State Nicknames – The Granite State; The White Mountain State. State Motto – Live Free or Die. Admitted To The Union – June 21, 1788 (9th state). Population – 1.3 million New Hampshirites (10th least populous state). Area – 9,350 sq miles (5th smallest state). Capital – Concord. National Parks – 0. National Scenic Byways/All-American Roads – 3/0. Famous For – Levying no general sales or income tax; the New Hampshire primary, the first primary of the US presidential election cycle; quaint towns; having an extreme state motto (Live Free or Die); mountains, including the highest peak in New England (Mount Washington, 1,916 metres/6,288 feet); summer and early autumn county fairs; winter sports; lazy lakeside vacation cottages; Old Man of the Mountain, a 12-metre-tall (40 foot) natural White Mountain face-like rock formation that resembled a jagged profile of a face and which collapsed in 2003 (but which still adorns state licence plates a state highway markers). State Highlights – The White Mountains. New Hampshire Titbits – The state was named in 1629 after the English county of Hampshire; it was the first of the British North American colonies to establish a government independent of the Kingdom of Great Britain’s authority and, in 1776, was the first to establish its own state constitution; the International Monetary Fund (IMF) was born out of the July 1944 Bretton Woods Conference, a gathering of delegates from all 44 Allied nations at New Hampshire’s Bretton Woods, the aim of which being to regulate the international monetary & financial order following the end of World War II; New Hampshire was the first US state to have a legal lottery; famous New Hampshirites include The Da Vinci Code author Dan Brown, Alan Shepard, the first American in space (May 1961) and one of only 12 men, all Americans, to have walked on the moon, and Christa McAuliffe, the first private citizen selected to venture into space but who perished in the January 1986 space shuttle Challenger disaster; the world’s largest video arcade, Funspot, is located in New Hampshire; in 1996 the state became the fist to install green LED traffic lights (having been first state to install the red and yellow variety); in 2007 New Hampshire became “…the first state to recognize same-sex unions without a court order or the threat of one.”

New Hampshire.

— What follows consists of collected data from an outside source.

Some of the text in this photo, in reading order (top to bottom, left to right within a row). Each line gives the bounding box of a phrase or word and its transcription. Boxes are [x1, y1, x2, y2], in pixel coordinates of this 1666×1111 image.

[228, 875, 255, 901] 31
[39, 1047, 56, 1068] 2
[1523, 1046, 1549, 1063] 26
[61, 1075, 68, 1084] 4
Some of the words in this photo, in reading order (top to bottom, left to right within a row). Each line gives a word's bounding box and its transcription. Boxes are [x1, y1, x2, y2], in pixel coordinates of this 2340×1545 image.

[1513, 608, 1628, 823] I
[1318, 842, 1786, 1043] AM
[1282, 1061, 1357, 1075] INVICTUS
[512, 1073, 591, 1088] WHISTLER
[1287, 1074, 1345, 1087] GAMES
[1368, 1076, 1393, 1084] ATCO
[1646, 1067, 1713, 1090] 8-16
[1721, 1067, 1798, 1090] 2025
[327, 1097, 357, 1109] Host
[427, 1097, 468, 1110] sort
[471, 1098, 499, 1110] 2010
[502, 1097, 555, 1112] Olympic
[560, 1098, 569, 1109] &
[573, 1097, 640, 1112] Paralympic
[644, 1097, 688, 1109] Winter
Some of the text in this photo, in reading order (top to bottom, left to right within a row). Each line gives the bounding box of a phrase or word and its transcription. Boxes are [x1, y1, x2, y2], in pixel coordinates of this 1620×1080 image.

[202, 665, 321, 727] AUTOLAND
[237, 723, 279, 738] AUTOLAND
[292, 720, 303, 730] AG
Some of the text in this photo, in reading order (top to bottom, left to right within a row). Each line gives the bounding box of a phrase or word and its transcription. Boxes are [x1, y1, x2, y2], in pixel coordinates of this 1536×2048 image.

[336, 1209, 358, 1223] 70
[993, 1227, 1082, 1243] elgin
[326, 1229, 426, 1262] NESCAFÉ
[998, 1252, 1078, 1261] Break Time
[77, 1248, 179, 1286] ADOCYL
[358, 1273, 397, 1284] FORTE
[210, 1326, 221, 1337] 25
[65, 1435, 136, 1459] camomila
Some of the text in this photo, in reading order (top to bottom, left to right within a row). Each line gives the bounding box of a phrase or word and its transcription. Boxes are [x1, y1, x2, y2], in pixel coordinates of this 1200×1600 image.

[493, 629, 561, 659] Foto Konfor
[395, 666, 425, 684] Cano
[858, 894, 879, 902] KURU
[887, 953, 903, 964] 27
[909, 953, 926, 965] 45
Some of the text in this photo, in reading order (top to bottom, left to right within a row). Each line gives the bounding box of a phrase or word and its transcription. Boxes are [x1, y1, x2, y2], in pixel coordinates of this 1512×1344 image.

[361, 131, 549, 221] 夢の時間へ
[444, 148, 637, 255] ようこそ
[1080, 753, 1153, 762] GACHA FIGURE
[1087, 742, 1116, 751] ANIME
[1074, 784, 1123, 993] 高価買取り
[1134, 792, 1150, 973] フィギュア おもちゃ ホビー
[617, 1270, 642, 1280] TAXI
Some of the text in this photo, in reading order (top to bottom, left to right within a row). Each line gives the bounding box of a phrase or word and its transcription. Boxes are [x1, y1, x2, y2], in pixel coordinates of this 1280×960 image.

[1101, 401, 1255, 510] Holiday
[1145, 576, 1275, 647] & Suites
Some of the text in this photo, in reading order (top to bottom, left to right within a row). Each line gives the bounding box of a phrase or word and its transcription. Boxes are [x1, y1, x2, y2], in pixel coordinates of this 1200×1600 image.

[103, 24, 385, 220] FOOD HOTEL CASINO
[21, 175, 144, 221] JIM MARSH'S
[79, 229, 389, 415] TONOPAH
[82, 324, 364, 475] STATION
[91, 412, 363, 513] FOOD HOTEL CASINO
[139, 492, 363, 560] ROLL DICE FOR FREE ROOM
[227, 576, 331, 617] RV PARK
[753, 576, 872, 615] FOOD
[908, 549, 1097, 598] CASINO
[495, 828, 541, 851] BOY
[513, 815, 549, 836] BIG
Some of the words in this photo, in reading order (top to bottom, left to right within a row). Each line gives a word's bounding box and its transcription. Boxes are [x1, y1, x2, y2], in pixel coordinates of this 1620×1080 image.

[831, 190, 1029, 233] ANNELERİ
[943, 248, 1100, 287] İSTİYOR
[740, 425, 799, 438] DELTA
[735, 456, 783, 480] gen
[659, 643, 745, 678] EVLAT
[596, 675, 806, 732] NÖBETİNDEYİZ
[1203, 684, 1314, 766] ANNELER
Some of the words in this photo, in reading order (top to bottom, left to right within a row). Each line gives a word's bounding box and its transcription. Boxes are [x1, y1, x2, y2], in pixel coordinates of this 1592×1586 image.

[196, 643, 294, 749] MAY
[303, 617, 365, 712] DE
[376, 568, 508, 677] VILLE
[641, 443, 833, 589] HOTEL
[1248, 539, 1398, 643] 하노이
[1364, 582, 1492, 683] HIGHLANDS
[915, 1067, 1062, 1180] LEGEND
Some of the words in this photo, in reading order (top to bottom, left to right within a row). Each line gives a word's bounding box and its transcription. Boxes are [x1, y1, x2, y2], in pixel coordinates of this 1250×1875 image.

State #20. That extreme motto & Old Man of the Mountain on the New Hampshire licence plate as captured in Lincoln, White Mountains, New Hampshire. October 23, 2017.

We might be biased, but we think you’ll agree. New Hampshire is the place to be if you’re looking for thrilling and memorable experiences that feel like they’re in your own backyard. (That is, if your backyard happens to be a 4,000-ft. peak.)

VisitHN.gov

Thumbs-up at the New Hampshire-Vermont state line off Interstate 93 over the Connecticut River, October 24, 2017.

EPIC US ROAD TRIP || Day 28

 

The iconic Fairmont Le Château Frontenac in Quebec City, Quebec, Canada.

 

“North America’s oldest walled city and the cradle of French civilization in the New World. I can understand why North Americans (& the Chinese… oh the Chinese are everywhere) love its jumble of tight & atmospheric walled lanes, but for us it’s just like any other quaint European town that’s a short Ryanair flight from home (but of course it’s a million miles removed from anything you’ll find over the border in the US).”

We first saw a Tim Hortons in upstate New York on day 24 (we did, of course, pull over for a double-double & donut). We first saw French signposting on day 26 in Vermont (they – Vermonters – claim this is to keep the neighbours happy). So, I guess it was coming. Today, day 28, we cheated. Or did we? Umm. Is an epic US road trip still an epic US road trip if you leave the contiguous 48? Umm indeed. And now that we’re here we’re debating, over a Moosehead or two, whether to take the long way back to the US. Another night in Canada? Oh, may as well be hung a sheep as for a lamb.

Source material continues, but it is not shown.